Saved entries:
★ ★ ★

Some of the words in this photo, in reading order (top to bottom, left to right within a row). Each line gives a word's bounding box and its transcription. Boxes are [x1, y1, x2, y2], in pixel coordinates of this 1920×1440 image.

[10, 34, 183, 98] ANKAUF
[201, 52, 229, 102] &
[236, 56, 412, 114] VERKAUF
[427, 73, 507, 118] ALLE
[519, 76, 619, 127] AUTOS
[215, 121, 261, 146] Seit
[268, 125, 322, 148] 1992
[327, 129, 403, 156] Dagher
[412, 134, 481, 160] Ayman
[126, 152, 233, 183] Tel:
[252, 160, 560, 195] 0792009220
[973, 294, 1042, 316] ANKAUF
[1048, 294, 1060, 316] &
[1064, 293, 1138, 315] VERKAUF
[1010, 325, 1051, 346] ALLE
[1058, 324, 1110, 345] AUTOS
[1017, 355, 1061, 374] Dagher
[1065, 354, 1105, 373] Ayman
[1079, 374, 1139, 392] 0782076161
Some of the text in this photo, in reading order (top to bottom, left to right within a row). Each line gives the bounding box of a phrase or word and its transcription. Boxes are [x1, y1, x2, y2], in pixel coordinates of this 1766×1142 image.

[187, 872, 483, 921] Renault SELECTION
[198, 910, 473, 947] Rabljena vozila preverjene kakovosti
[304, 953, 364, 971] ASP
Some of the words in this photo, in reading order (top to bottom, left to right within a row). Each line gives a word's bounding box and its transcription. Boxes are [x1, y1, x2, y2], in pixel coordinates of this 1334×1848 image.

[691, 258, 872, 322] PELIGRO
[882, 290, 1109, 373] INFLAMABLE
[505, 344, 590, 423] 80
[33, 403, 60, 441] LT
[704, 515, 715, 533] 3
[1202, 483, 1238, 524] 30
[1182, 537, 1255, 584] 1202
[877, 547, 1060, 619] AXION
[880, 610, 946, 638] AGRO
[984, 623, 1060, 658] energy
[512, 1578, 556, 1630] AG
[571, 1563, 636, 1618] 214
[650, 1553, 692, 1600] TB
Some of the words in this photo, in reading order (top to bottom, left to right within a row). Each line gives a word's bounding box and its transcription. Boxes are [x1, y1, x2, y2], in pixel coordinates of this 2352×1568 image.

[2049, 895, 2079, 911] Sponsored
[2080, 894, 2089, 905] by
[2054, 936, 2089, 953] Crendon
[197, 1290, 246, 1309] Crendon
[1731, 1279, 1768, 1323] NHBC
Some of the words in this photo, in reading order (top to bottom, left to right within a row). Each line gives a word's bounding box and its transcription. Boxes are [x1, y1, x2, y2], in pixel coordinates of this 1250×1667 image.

★ ★ ★

:: The task ::
Copy, exactly as written, the lines above, beginning with the one that contains "this 2352×1568 image." and ending with the last.

:: Your response ::
Some of the words in this photo, in reading order (top to bottom, left to right within a row). Each line gives a word's bounding box and its transcription. Boxes are [x1, y1, x2, y2], in pixel coordinates of this 2352×1568 image.

[2049, 895, 2079, 911] Sponsored
[2080, 894, 2089, 905] by
[2054, 936, 2089, 953] Crendon
[197, 1290, 246, 1309] Crendon
[1731, 1279, 1768, 1323] NHBC
Some of the words in this photo, in reading order (top to bottom, left to right within a row). Each line gives a word's bounding box and its transcription. Boxes are [x1, y1, x2, y2], in pixel coordinates of this 1250×1667 image.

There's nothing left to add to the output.